Like provisions exist with regard to registered designs and unregistered design rights under:

  • Schedule 1, Paragraph 4 of the Registered Designs Act 1949 (c88), every bit amended past Schedule 3, Paragraphs 37(4) and (v) of the Copyright, Designs and Patents Act (CDPA) 1988;
  • Schedule 4, Paragraph 4 of the CDPA; and
  • Department 244 of the CDPA.

Other provisions covering the Crown's use of intellectual property can be establish in legislation relating to defence and security, as well as certain health purposes.

However, there seem to be no equivalent rights regarding copyright in artistic works (eg, the Aboriginal flag) and there has been disagreement every bit to whether the government should intervene at all in the current debate. Would compulsory acquisition or a compulsory licence in patent terms exist seen as notwithstanding another instance of the disenfranchisement of Aboriginal people – in this case, with regard to the rights of an artist to maintain buying of their work?

An alternative approach would be to expand the definition of 'off-white dealing' in social club to protect the employ of the Aboriginal flag without authorisation or a licence from Thomas. Although in that location is no statutory definition of 'fair dealing' in the United Kingdom, it is governed past Sections 29 and 30 of the CDPA and allows for the utilize of works still in copyright without licensing in certain circumstances, primarily where the employ is:

  • for research or individual study;
  • to allow for criticism or review; or
  • for reporting current events.

Since 1978, the rainbow flag has been the internationally recognised symbol of the LGBT+ community. The designer has ever promoted the free use of his flag and never sought to enforce his copyright

US off-white use doctrine

This stance is more than limited than the United states of america doctrine of off-white use, which is set out nether Section 107 the The states Copyright Human action and states that use "for purposes such equally criticism, annotate, news reporting, teaching (including multiple copies for classroom employ), scholarship, or enquiry, is not an infringement of copyright".

Information technology is this blazon of approach that has been explored recently by the Australian Law Reform Commission and supported by the Productivity Commission, and which may resolve the bug surrounding the use of the Aboriginal flag.

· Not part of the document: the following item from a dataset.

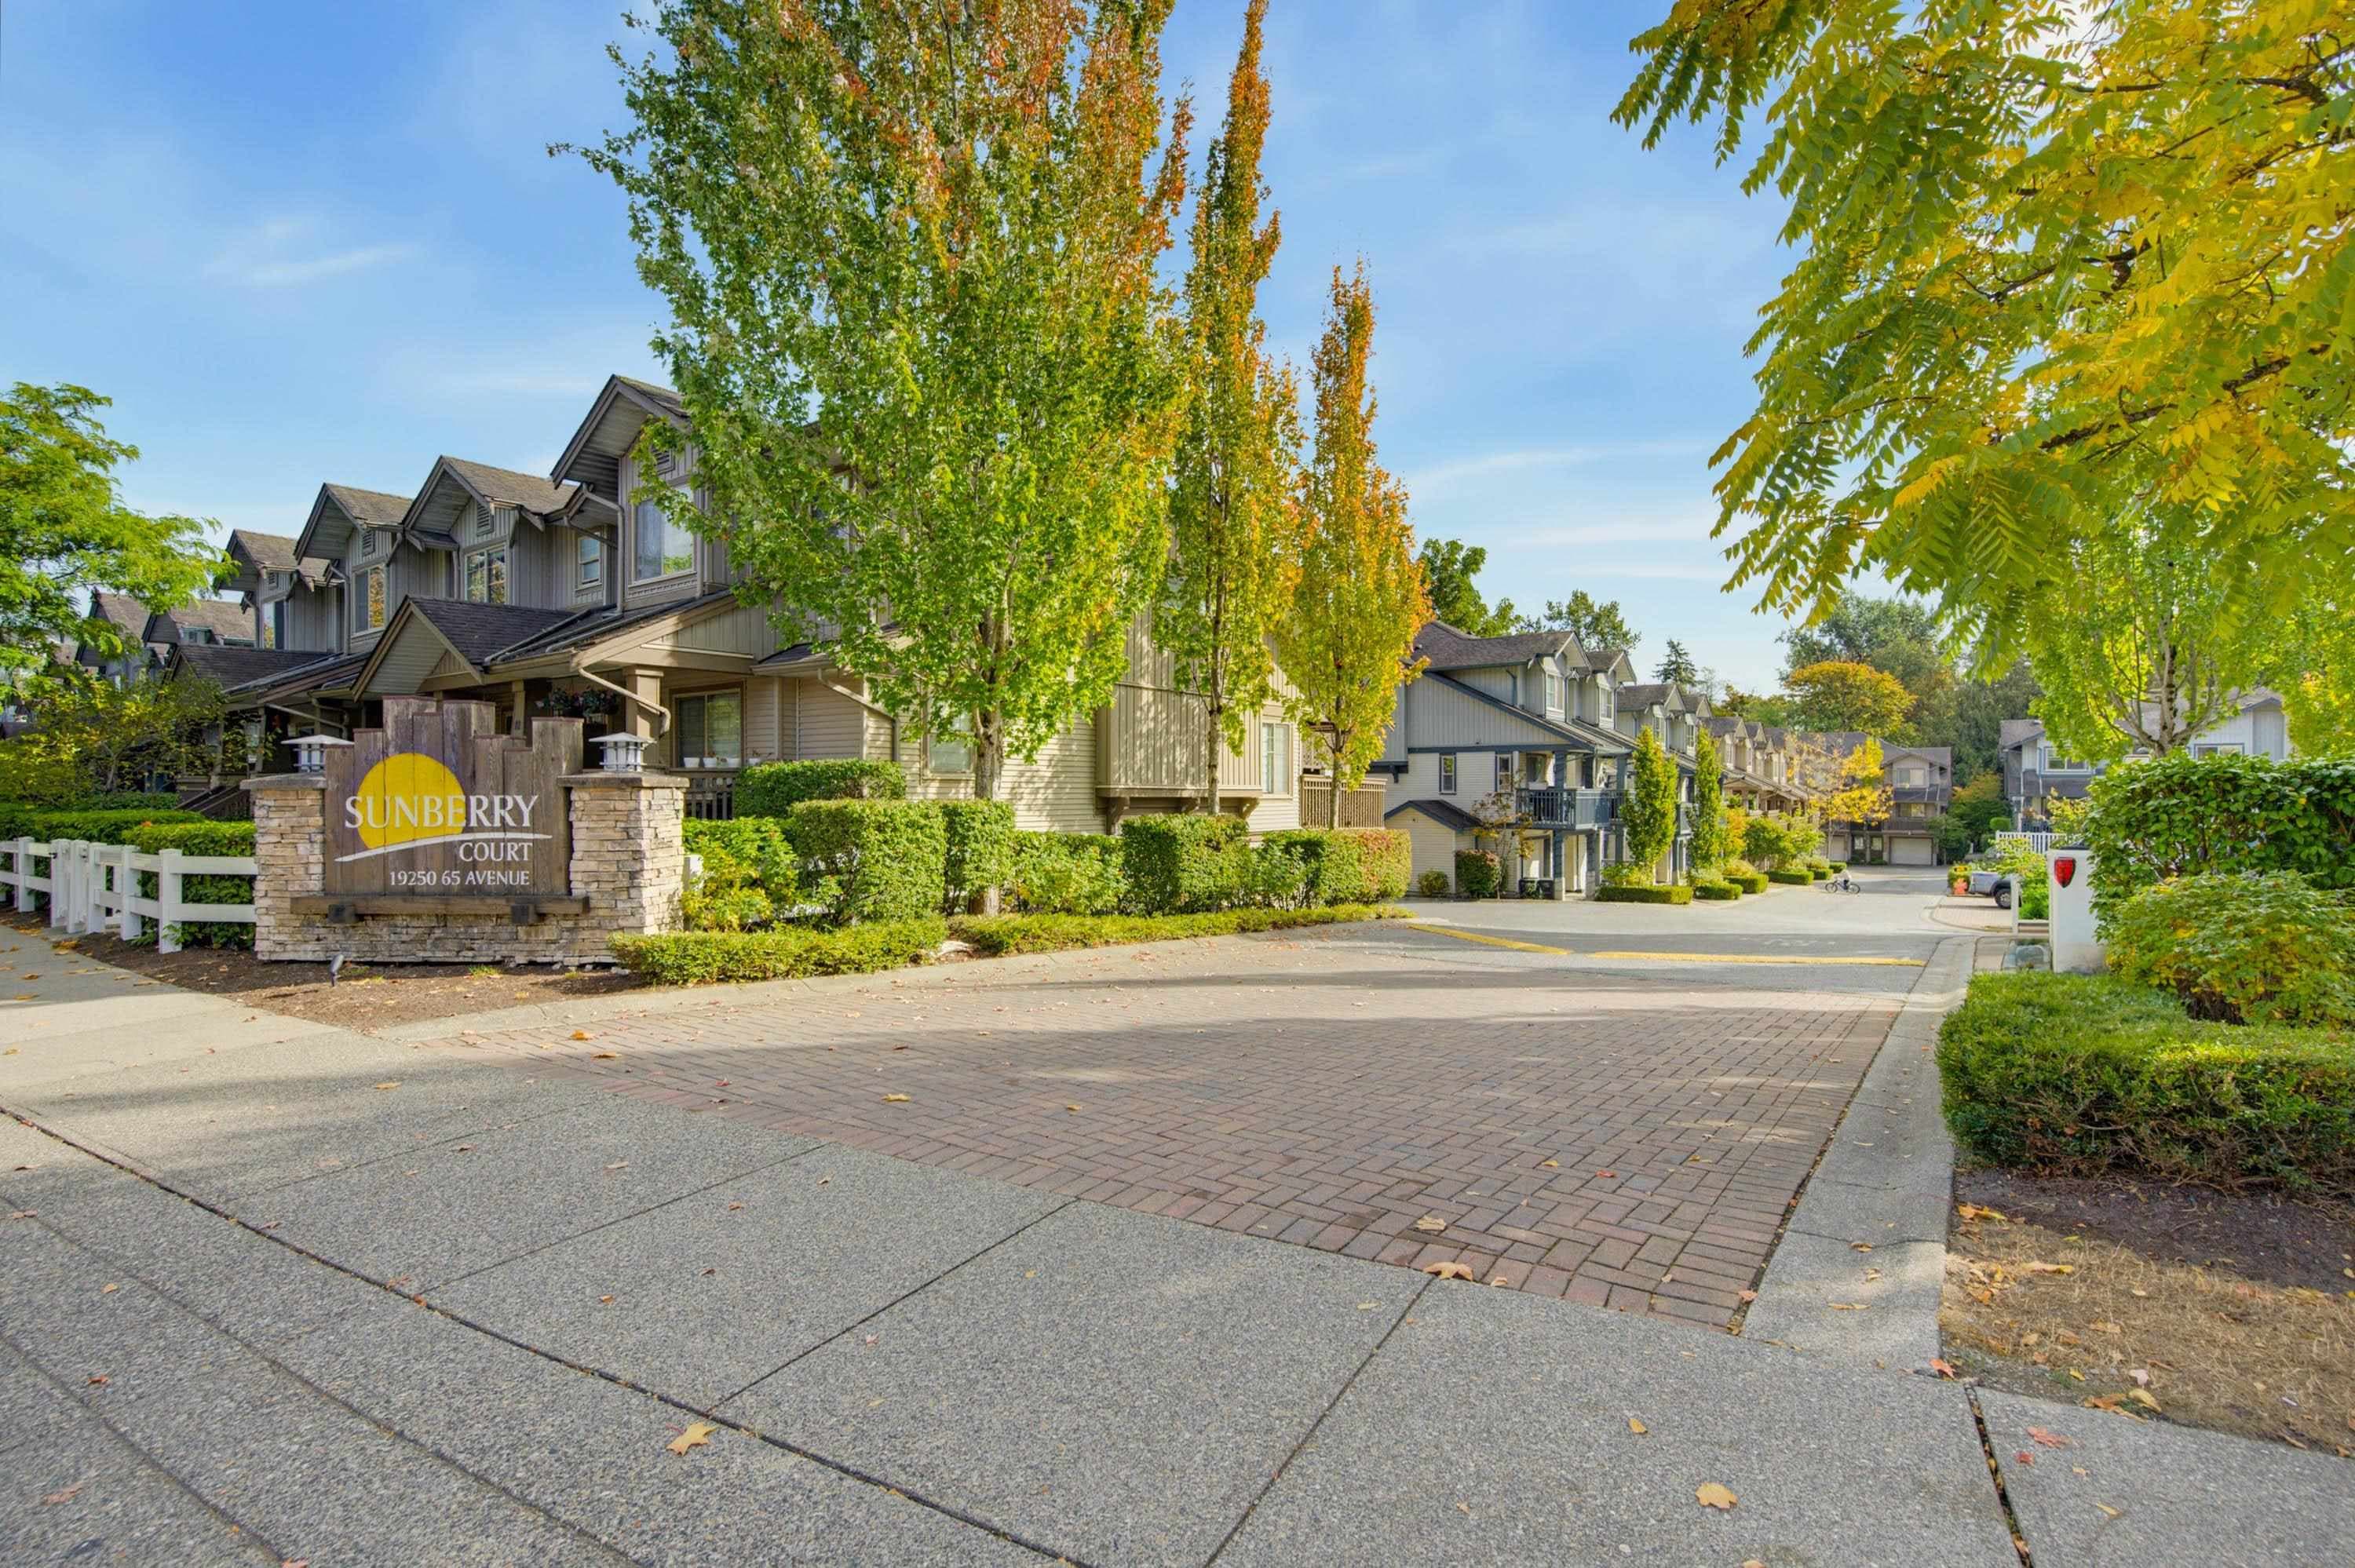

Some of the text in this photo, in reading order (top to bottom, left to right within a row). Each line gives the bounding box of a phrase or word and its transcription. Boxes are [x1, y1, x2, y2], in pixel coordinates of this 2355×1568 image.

On 19 March 2019 a Copyright Modernisation Consultation Paper was issued past the Department of Communications and the Arts, asking for views on the following issues:

The expansion of flexible exceptions to copyright infringement in order to modernise the circumstances in which access to copyright material is permitted. In particular, the Department is seeking views on whether an open-ended "off-white utilise" exception like to that in the U.s. should be introduced in Australia or, alternatively, if the existing list of "off-white dealing" exceptions should be expanded to arrange changing community, technology and business standards (such every bit not-commercial private use, library and archive use, educational uses, quotations, text and data mining, certain incidental or technical use by online service providers and government uses in the publicinterest).

Withal, even the introduction of this extended definition of 'fair dealing' may not be sufficient to cover use by those lobbying for the Aboriginal flag to be treated similar other recognised national flags and available for use without a licence. Nor would it necessarily help if Baker's descendants sought to enforce copyright in the rainbow flag.

Resolution

The debate over the apply of the Aboriginal flag is unlikely to be resolved in the virtually future. Indeed, information technology seems destined to exist an ongoing consequence. In the words of Laura Thompson, the owner of a business concern which has received a finish and desist letter of the alphabet: "The flag represented a struggle and a resistance movement, and now it just feels like a struggle to employ it."